*** Begin section ***

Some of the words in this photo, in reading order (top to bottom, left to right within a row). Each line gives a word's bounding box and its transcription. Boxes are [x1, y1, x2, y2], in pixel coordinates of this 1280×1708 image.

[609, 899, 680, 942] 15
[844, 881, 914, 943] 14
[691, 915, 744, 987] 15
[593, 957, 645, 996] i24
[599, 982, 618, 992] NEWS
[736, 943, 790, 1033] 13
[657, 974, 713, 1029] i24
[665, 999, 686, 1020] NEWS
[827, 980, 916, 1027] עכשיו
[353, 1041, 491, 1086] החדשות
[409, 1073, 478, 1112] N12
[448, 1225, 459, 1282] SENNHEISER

*** End section ***

▸ **How to complete this task**: Above are the records; set each one down word for word.

▸ **Written answer**:
Some of the words in this photo, in reading order (top to bottom, left to right within a row). Each line gives a word's bounding box and its transcription. Boxes are [x1, y1, x2, y2], in pixel coordinates of this 1280×1708 image.

[609, 899, 680, 942] 15
[844, 881, 914, 943] 14
[691, 915, 744, 987] 15
[593, 957, 645, 996] i24
[599, 982, 618, 992] NEWS
[736, 943, 790, 1033] 13
[657, 974, 713, 1029] i24
[665, 999, 686, 1020] NEWS
[827, 980, 916, 1027] עכשיו
[353, 1041, 491, 1086] החדשות
[409, 1073, 478, 1112] N12
[448, 1225, 459, 1282] SENNHEISER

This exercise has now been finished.